Aim of the exercise => Verbatim copy without pictures. Please print every entry as it stands.

(Stored data)
——————
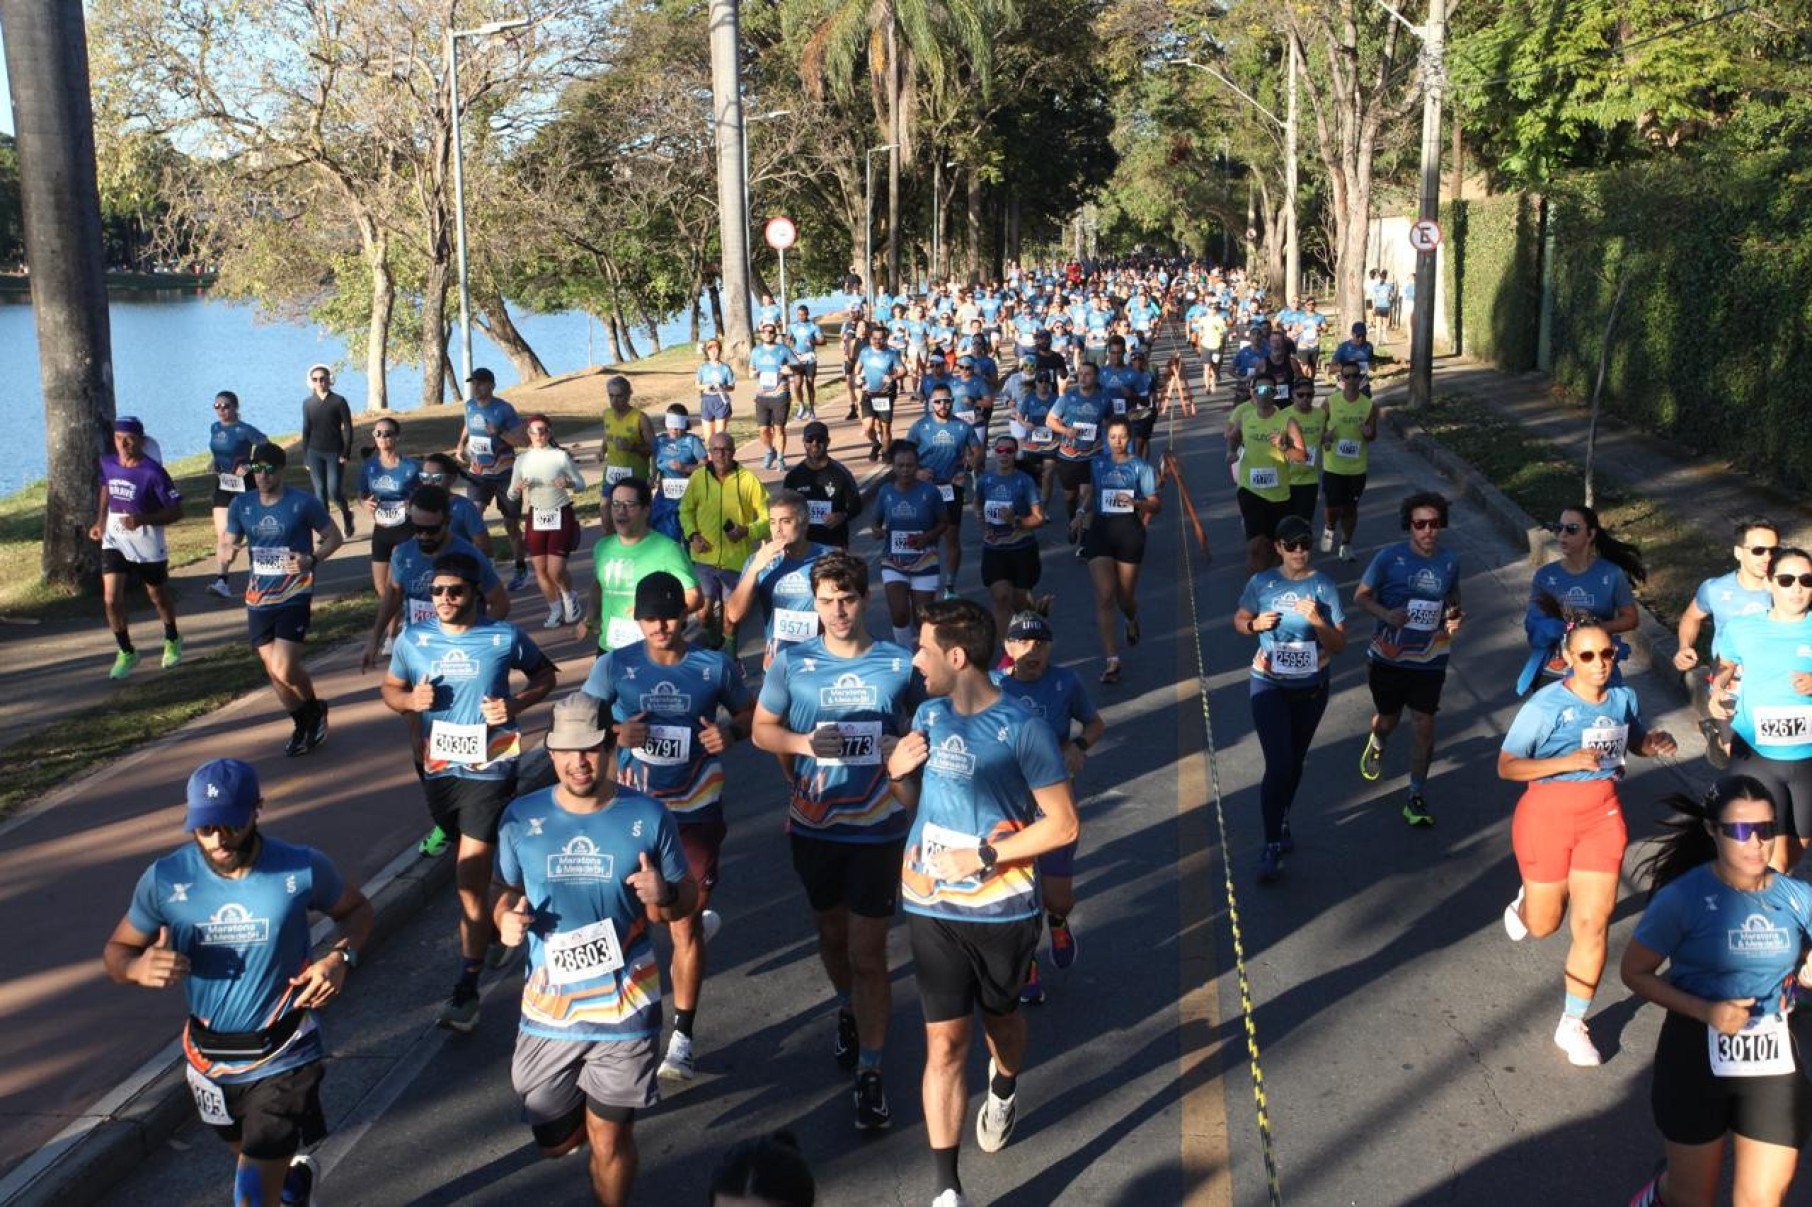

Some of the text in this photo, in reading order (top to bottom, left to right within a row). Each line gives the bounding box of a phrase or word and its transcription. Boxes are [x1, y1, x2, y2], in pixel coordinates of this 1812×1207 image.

[779, 618, 810, 636] 9571
[1761, 717, 1807, 737] 32612
[435, 733, 478, 754] 30306
[840, 736, 873, 757] 773
[553, 938, 611, 972] 28603
[1718, 1033, 1779, 1062] 30107
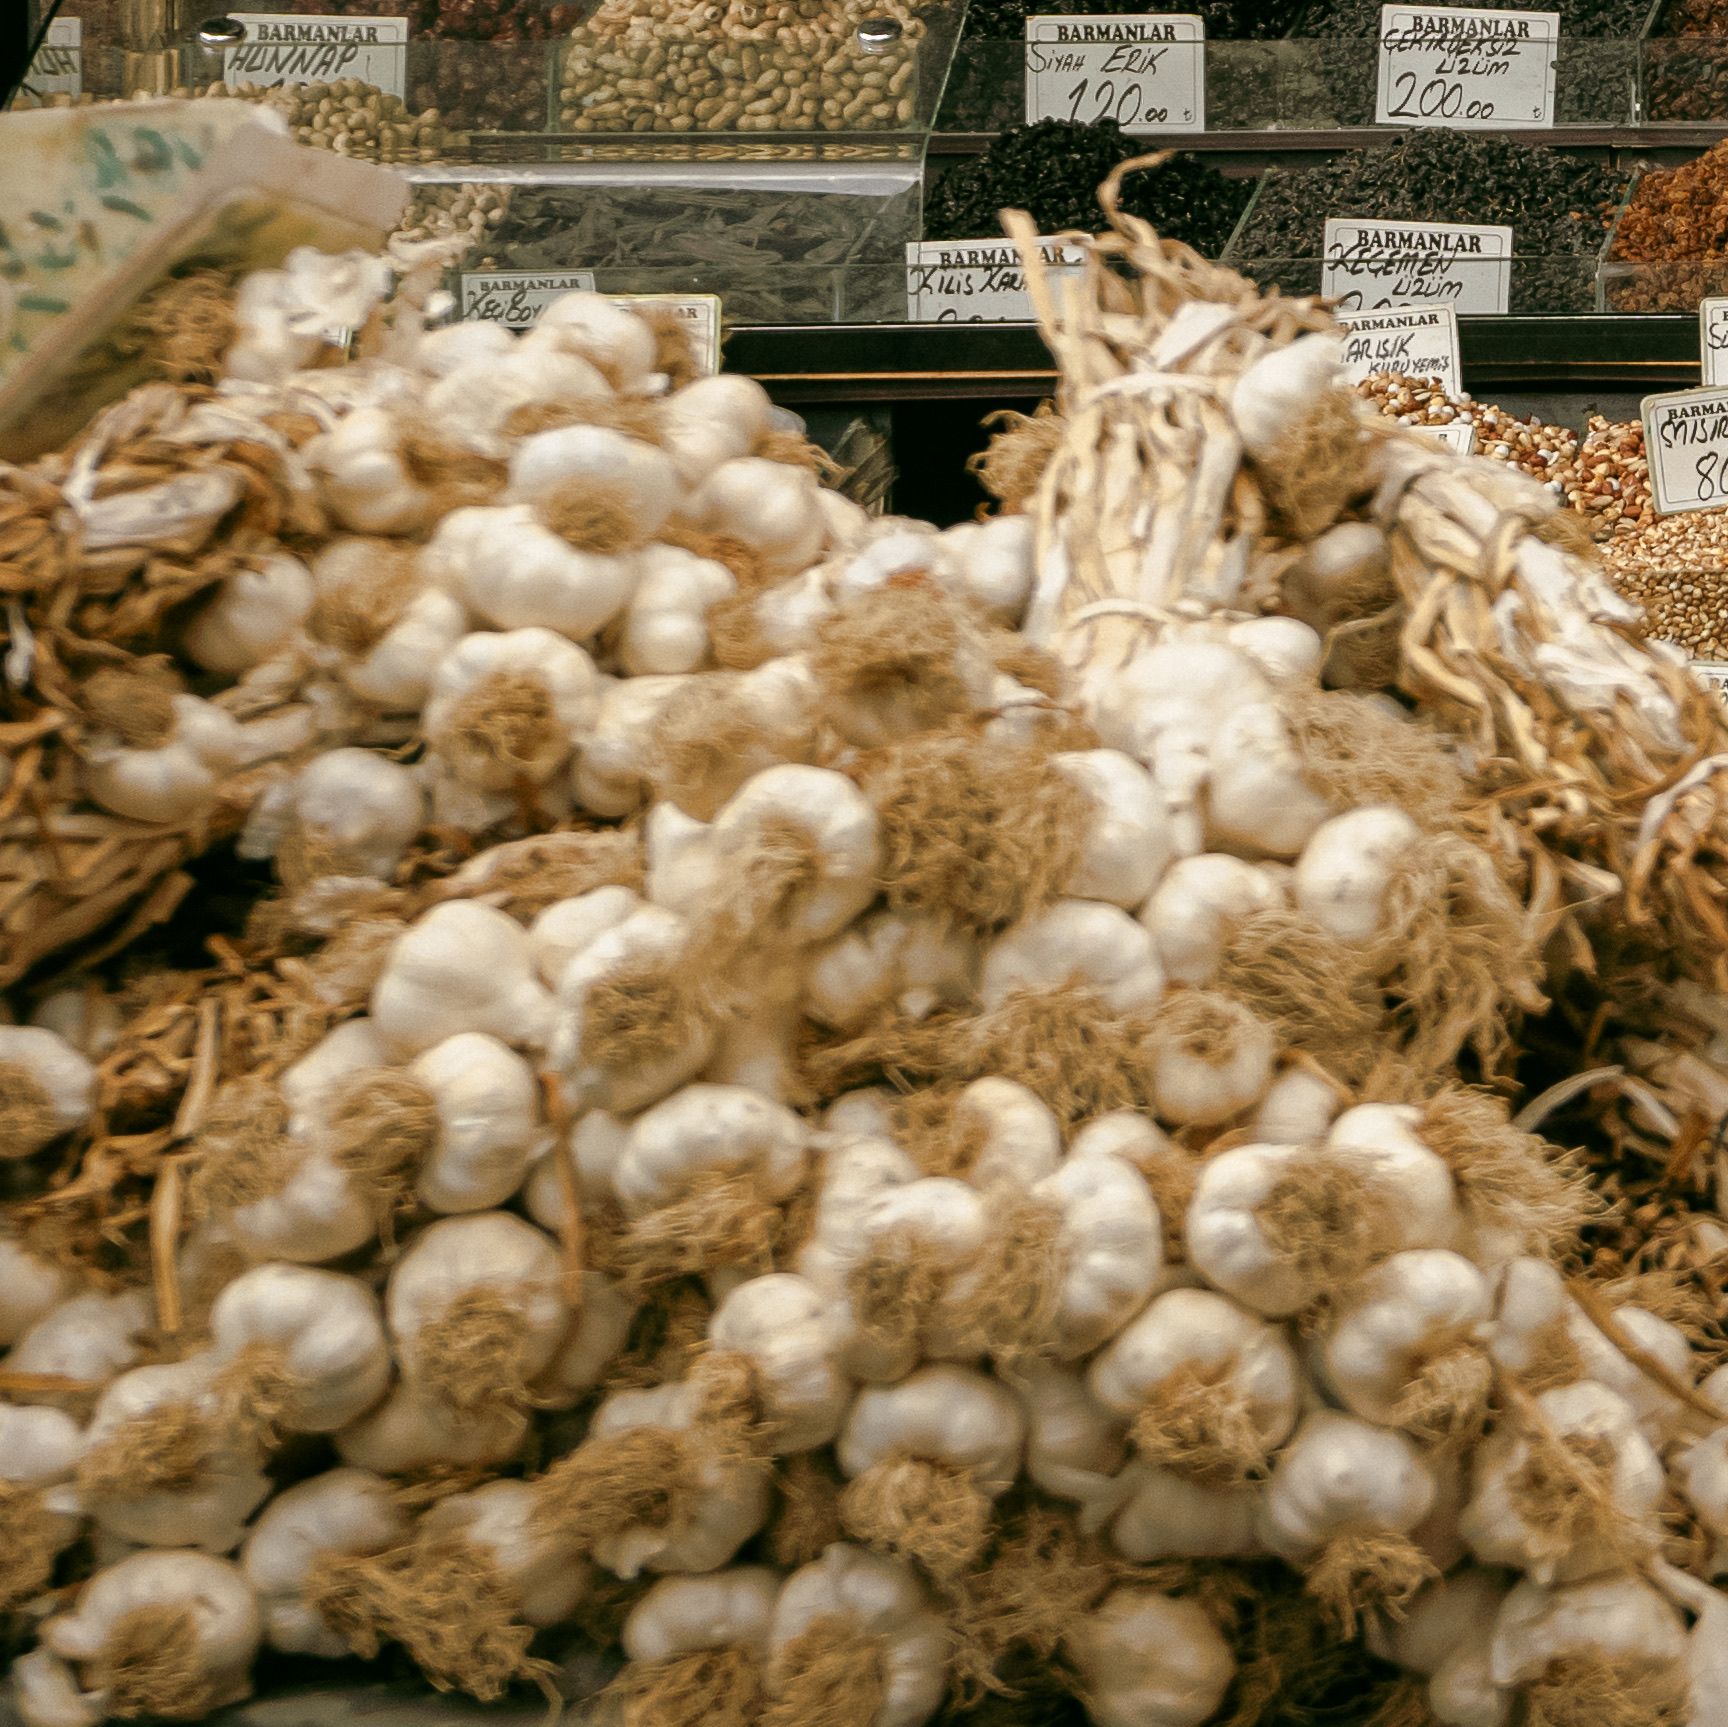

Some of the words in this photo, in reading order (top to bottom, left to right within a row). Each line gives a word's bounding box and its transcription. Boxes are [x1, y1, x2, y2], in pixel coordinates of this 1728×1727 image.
——————
Written reply =>
Some of the text in this photo, in reading order (top to bottom, left to right within a row). Each line gives the bounding box of a phrase or word and its transcription. Boxes are [x1, y1, x2, y2], in pixel coordinates of this 1812×1207 image.

[779, 618, 810, 636] 9571
[1761, 717, 1807, 737] 32612
[435, 733, 478, 754] 30306
[840, 736, 873, 757] 773
[553, 938, 611, 972] 28603
[1718, 1033, 1779, 1062] 30107

Some of the words in this photo, in reading order (top to bottom, left to right within a row). Each line gives a word's bounding box and its transcription. Boxes are [x1, y1, x2, y2], in pixel coordinates of this 1728×1727 image.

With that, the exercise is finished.